● **Aim of the task**
Your task is to repeat the entries word for word while leaving out the pictures.

[Items listed in a dataset]
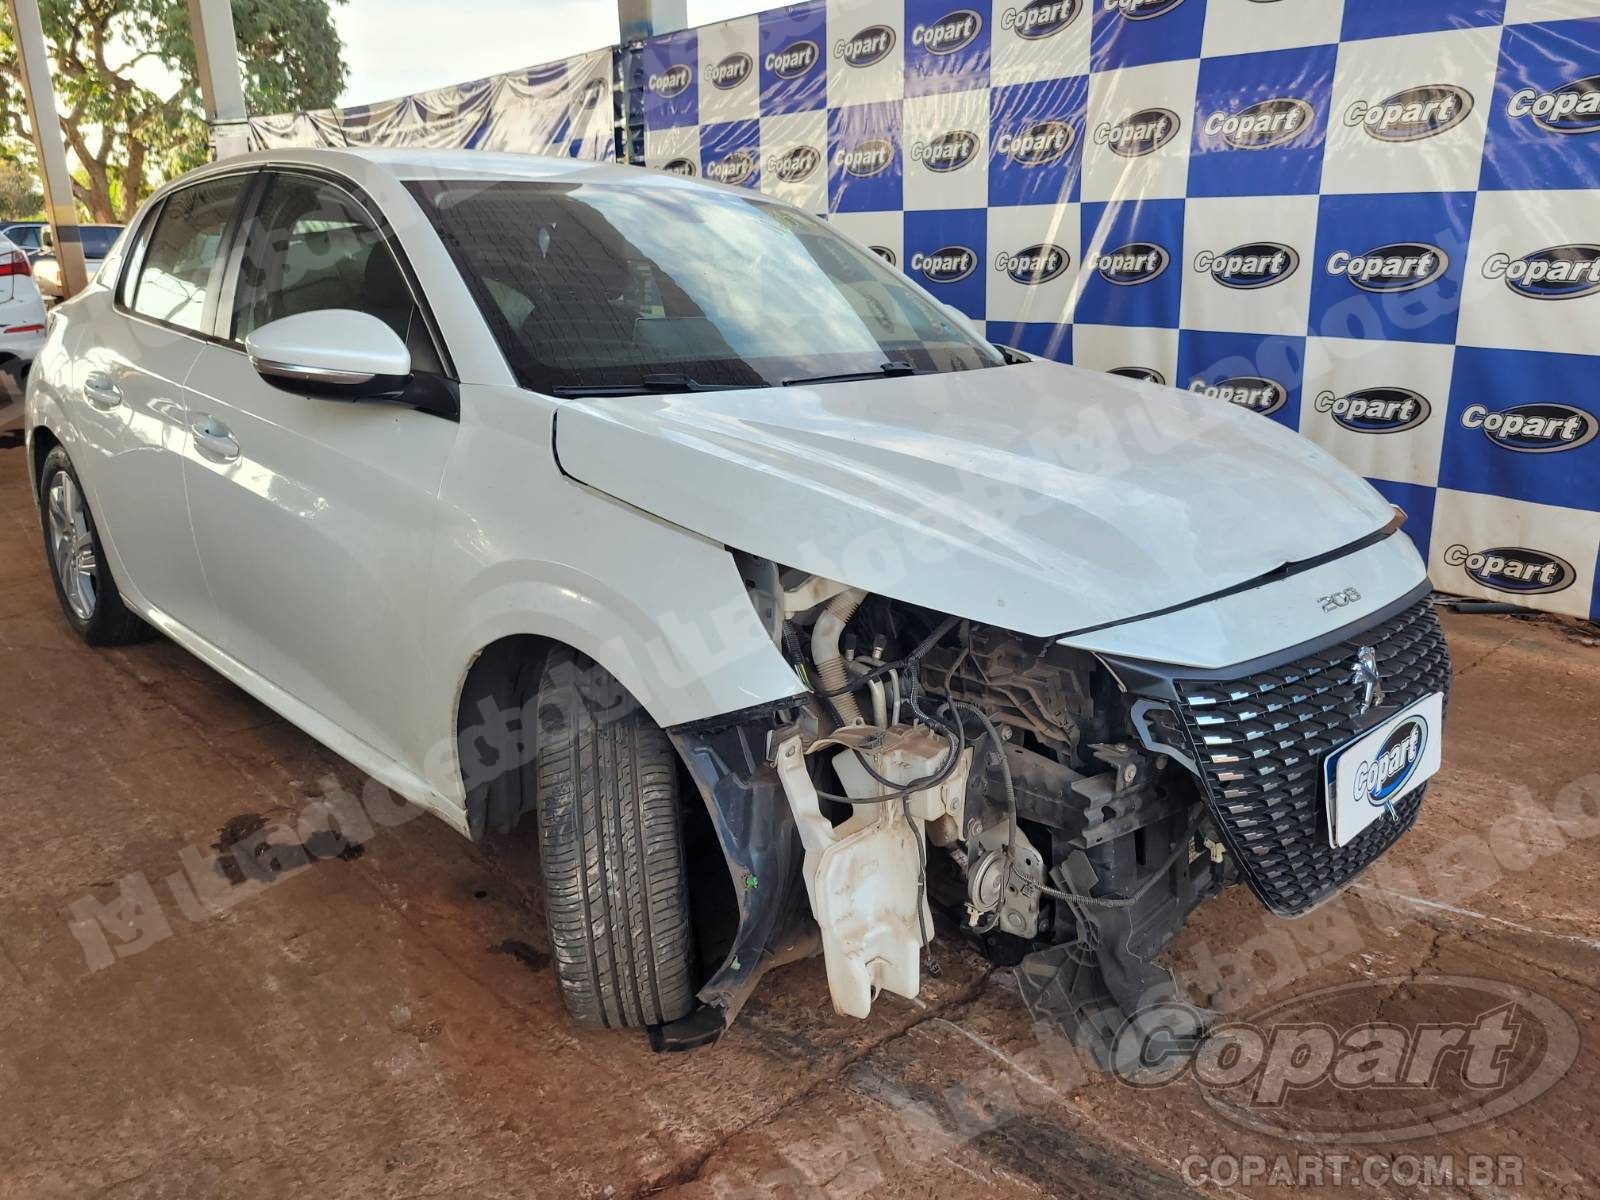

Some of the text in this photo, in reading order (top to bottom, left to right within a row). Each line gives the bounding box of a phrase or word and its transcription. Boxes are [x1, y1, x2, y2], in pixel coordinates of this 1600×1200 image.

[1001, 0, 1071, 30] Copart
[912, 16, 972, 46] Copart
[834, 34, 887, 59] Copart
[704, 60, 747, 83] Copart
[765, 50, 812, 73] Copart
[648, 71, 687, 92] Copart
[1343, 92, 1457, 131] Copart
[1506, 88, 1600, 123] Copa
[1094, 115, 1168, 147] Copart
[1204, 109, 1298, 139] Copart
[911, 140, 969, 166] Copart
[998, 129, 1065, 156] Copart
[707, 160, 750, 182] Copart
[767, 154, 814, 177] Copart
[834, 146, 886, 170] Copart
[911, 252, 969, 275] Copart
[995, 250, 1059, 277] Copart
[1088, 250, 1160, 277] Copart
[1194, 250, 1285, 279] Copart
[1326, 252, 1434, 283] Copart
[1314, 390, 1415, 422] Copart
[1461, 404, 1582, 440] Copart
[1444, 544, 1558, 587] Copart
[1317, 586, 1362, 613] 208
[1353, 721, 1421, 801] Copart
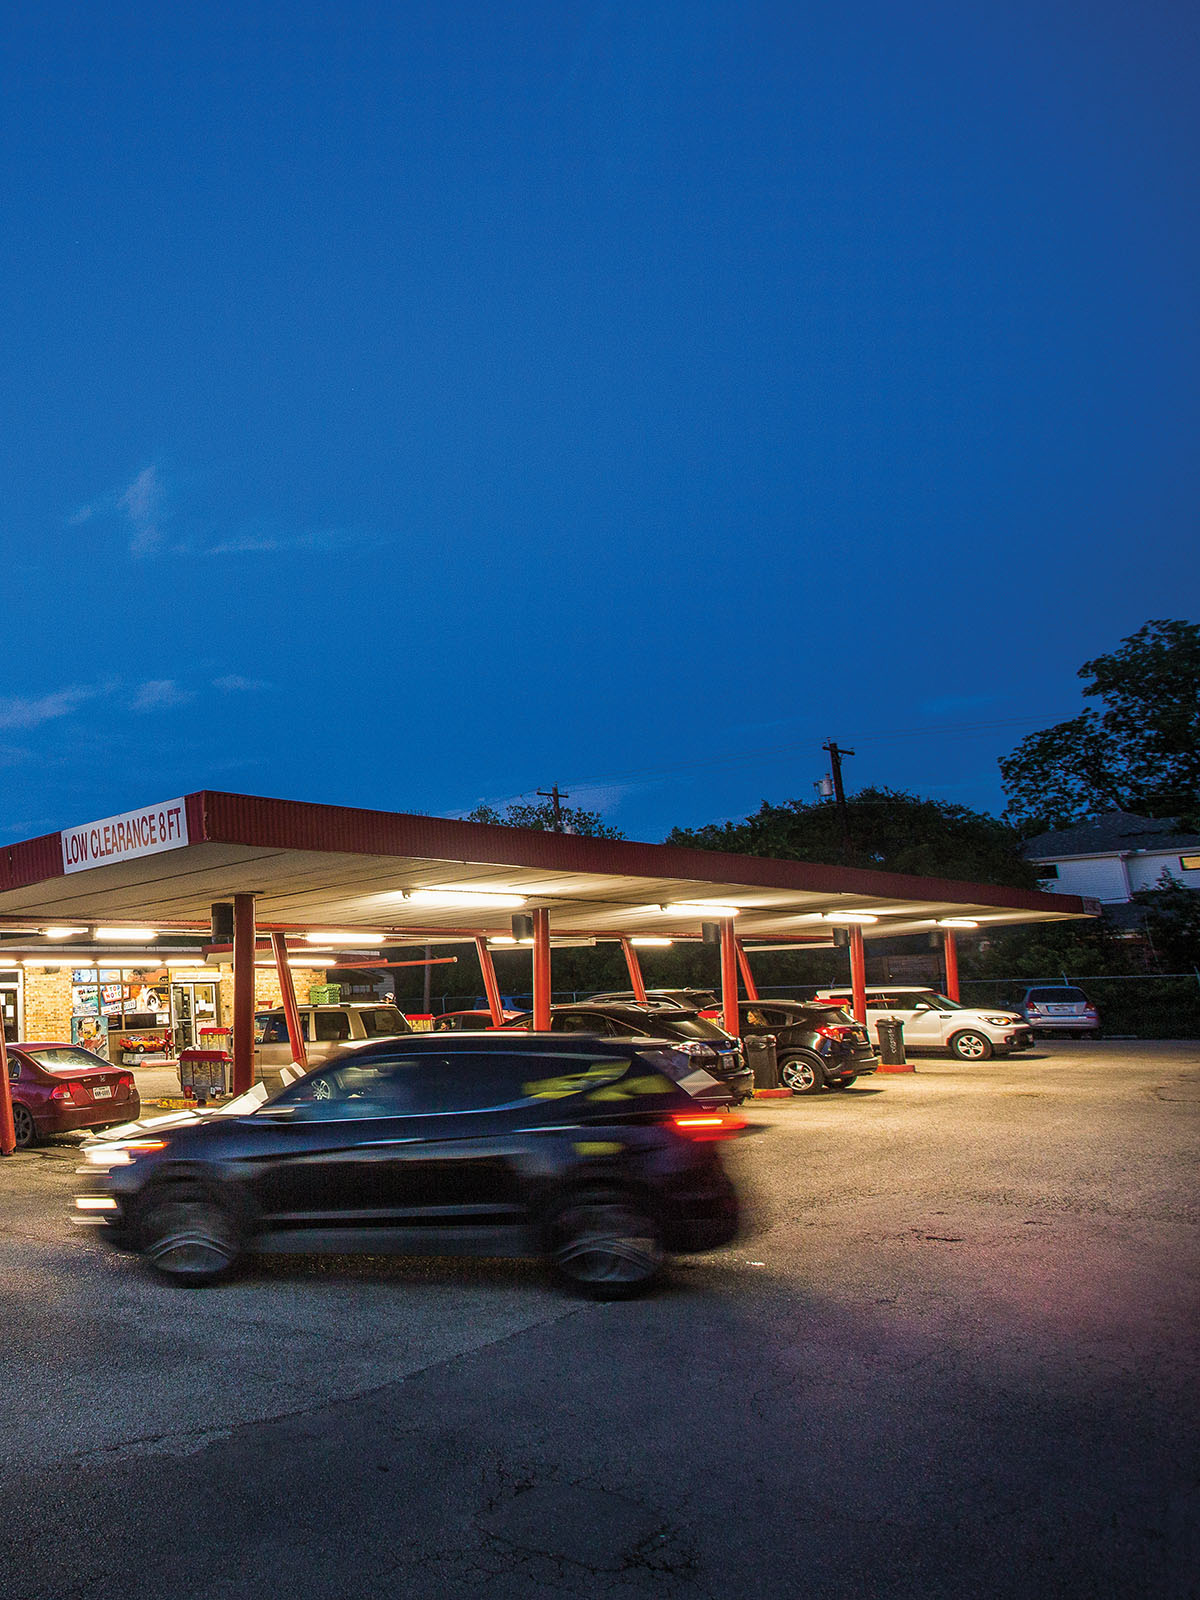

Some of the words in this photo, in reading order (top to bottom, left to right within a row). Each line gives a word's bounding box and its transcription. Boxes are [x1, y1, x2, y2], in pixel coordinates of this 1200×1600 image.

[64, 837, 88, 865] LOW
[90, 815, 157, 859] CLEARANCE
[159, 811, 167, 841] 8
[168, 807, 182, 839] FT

● **The answer**
Some of the text in this photo, in reading order (top to bottom, left to right within a row). Each line gives the bounding box of a phrase or word and its transcription. Boxes are [x1, y1, x2, y2], in pixel coordinates of this 1600×1200 image.

[1001, 0, 1071, 30] Copart
[912, 16, 972, 46] Copart
[834, 34, 887, 59] Copart
[704, 60, 747, 83] Copart
[765, 50, 812, 73] Copart
[648, 71, 687, 92] Copart
[1343, 92, 1457, 131] Copart
[1506, 88, 1600, 123] Copa
[1094, 115, 1168, 147] Copart
[1204, 109, 1298, 139] Copart
[911, 140, 969, 166] Copart
[998, 129, 1065, 156] Copart
[707, 160, 750, 182] Copart
[767, 154, 814, 177] Copart
[834, 146, 886, 170] Copart
[911, 252, 969, 275] Copart
[995, 250, 1059, 277] Copart
[1088, 250, 1160, 277] Copart
[1194, 250, 1285, 279] Copart
[1326, 252, 1434, 283] Copart
[1314, 390, 1415, 422] Copart
[1461, 404, 1582, 440] Copart
[1444, 544, 1558, 587] Copart
[1317, 586, 1362, 613] 208
[1353, 721, 1421, 801] Copart

Some of the words in this photo, in reading order (top to bottom, left to right within a row). Each line gives a word's bounding box and its transcription. Boxes are [x1, y1, x2, y2], in pixel coordinates of this 1200×1600 image.

[64, 837, 88, 865] LOW
[90, 815, 157, 859] CLEARANCE
[159, 811, 167, 841] 8
[168, 807, 182, 839] FT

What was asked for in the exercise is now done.